Cross-Modal Synchronization and Calibration

Infrared–RGB Stereo Depth Transfer

Hardware Rig Front View

Front View: RGB & Thermal Stereo Pairs

Hardware Rig Top View

Top View: Synchronization Hardware

Cross-Modal Distillation

This project tackles the challenge of estimating depth from thermal imagery where ground-truth data is scarce. Strategy: We leverage the rich geometric feature representations of a pre-trained RGB depth estimation model (the "Teacher") to supervise and train a lightweight Infrared stereo network (the "Student").
Method: By transferring depth knowledge from the data-rich RGB domain, we enable the IR pipeline to learn robust depth estimation without requiring massive annotated thermal datasets.

Spatio-Temporal Infrastructure

To validate this distillation process, I designed and built a custom hardware-software pipeline that bridges the two modalities, ensuring valid data generation for training and evaluation.
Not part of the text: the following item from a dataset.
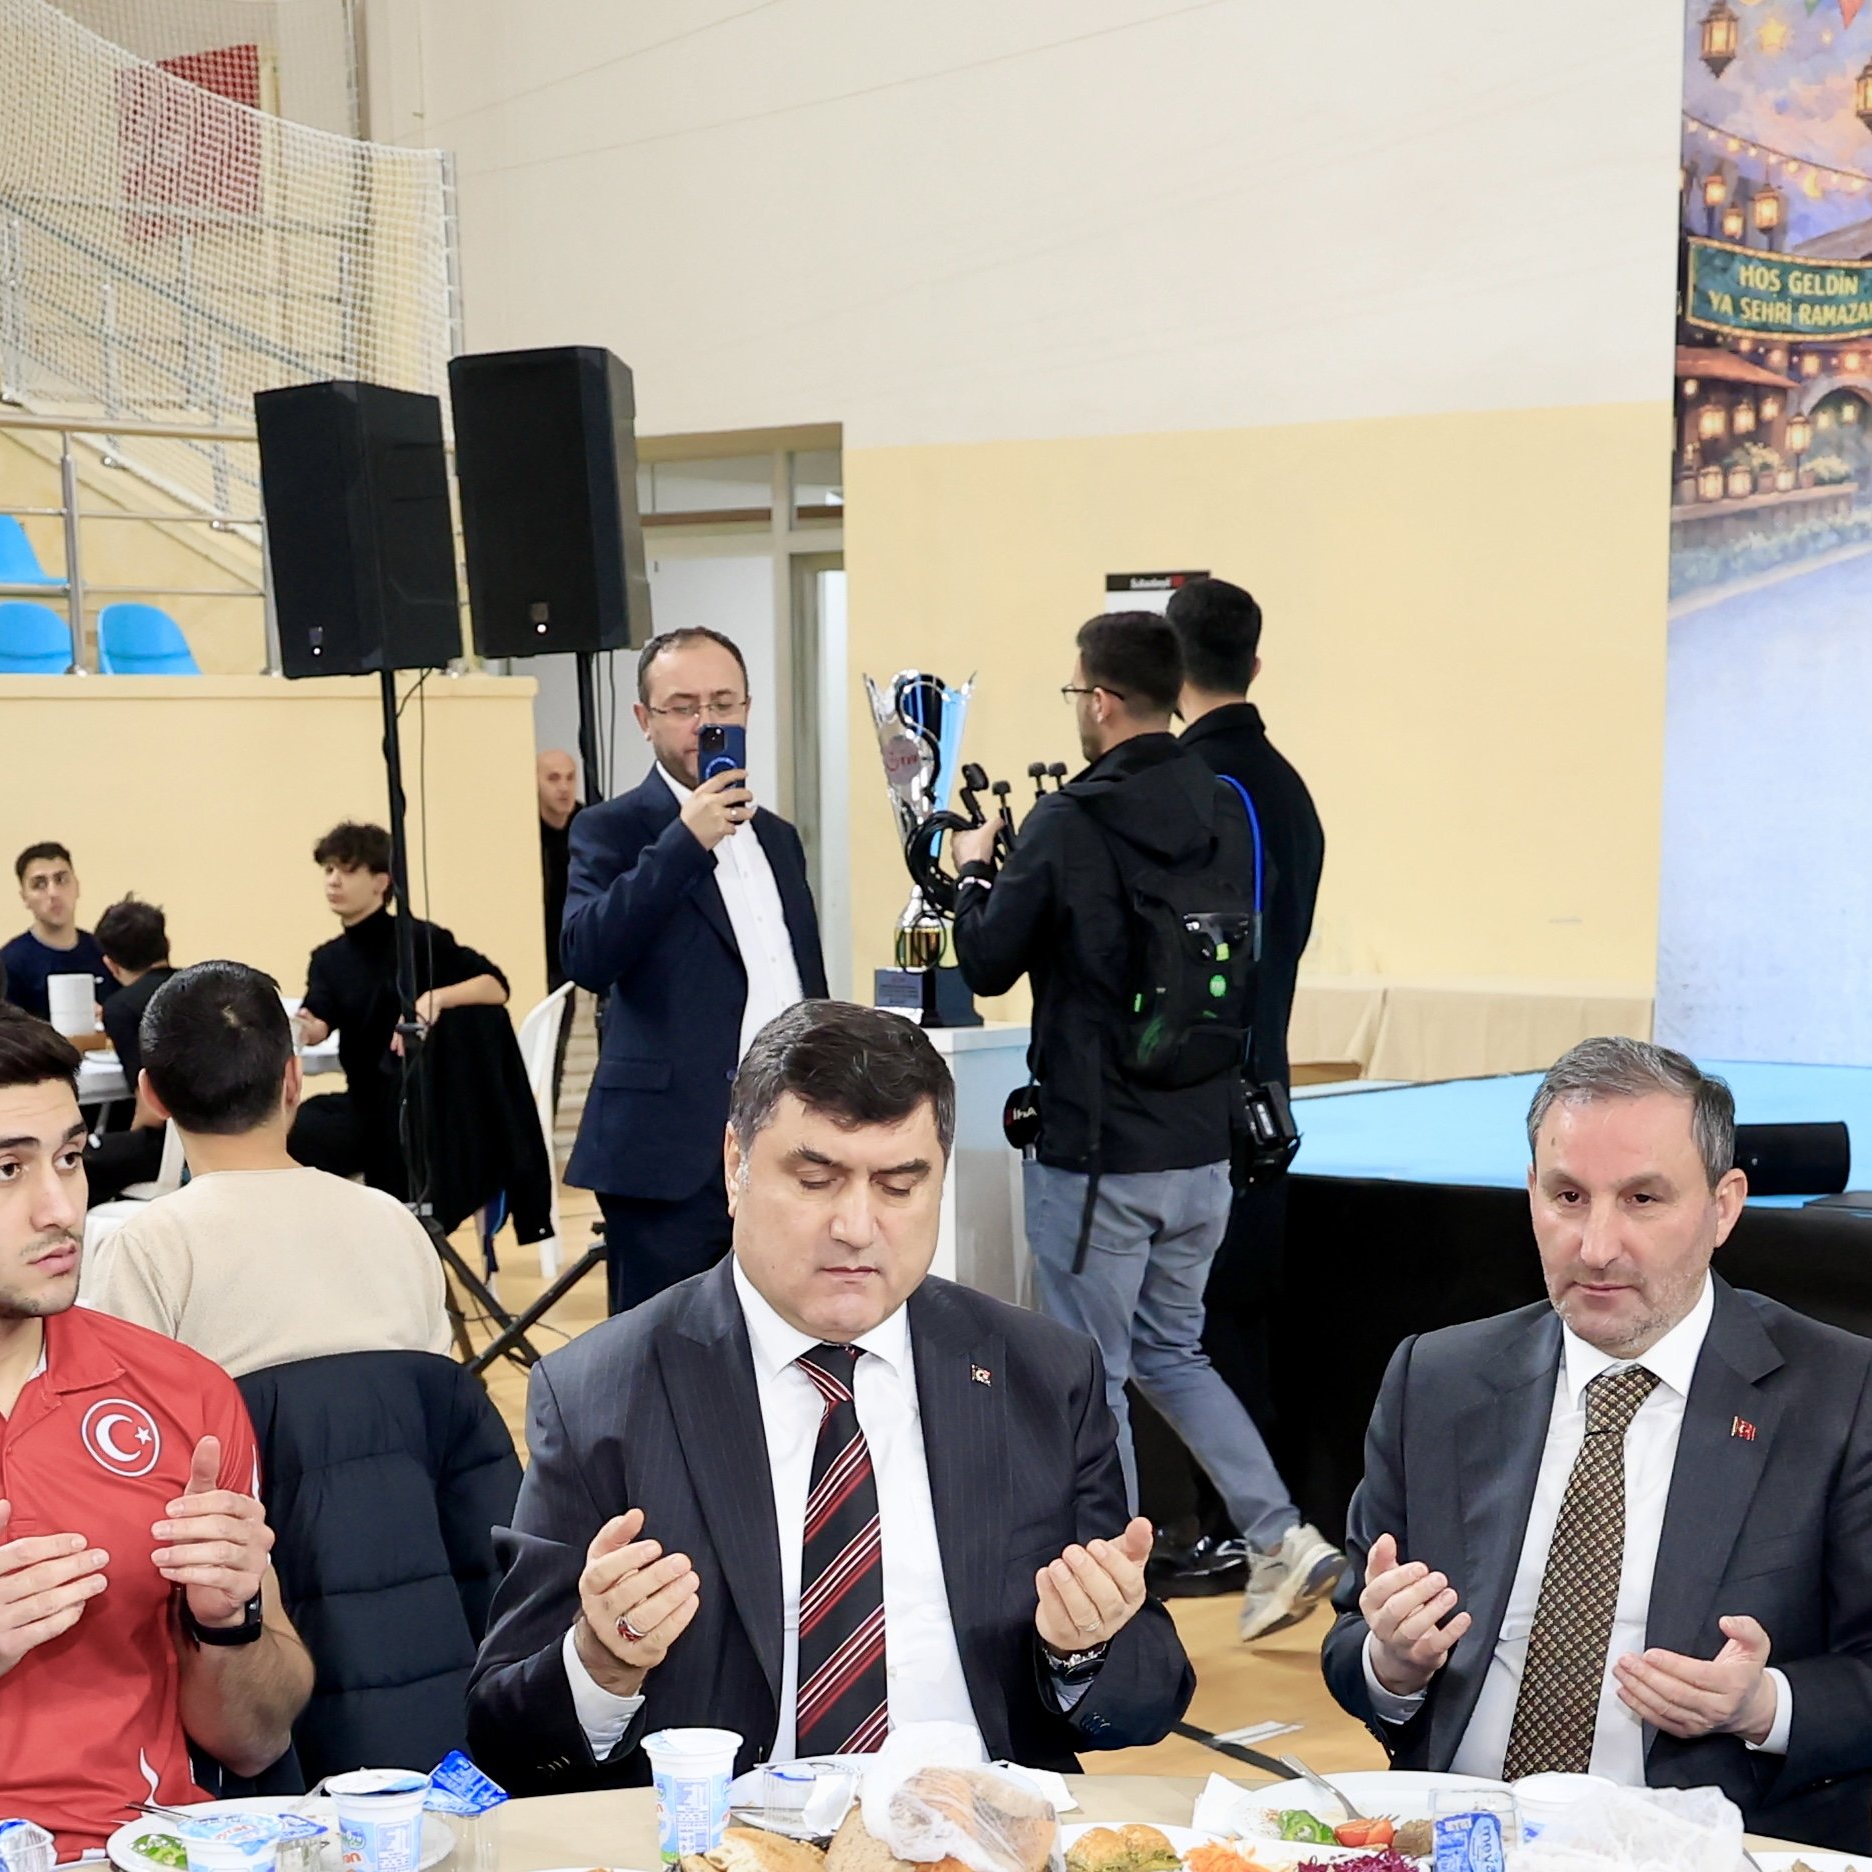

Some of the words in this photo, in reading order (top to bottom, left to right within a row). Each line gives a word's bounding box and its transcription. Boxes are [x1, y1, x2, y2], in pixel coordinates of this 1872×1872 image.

  • Temporal Alignment (Time Sync): Implemented hardware triggering to achieve microsecond-level synchronization between RGB and Infrared sensors, effectively eliminating motion artifacts in dynamic scenes.
  • Spatial Alignment (Calibration): Developed a unified calibration framework to accurately estimate extrinsic transformations between the multimodal sensors, enabling precise reprojection and overlay of visual data.

Overlay Visualization

Synchronized overlay of RGB and Thermal streams demonstrating precise spatial and temporal alignment.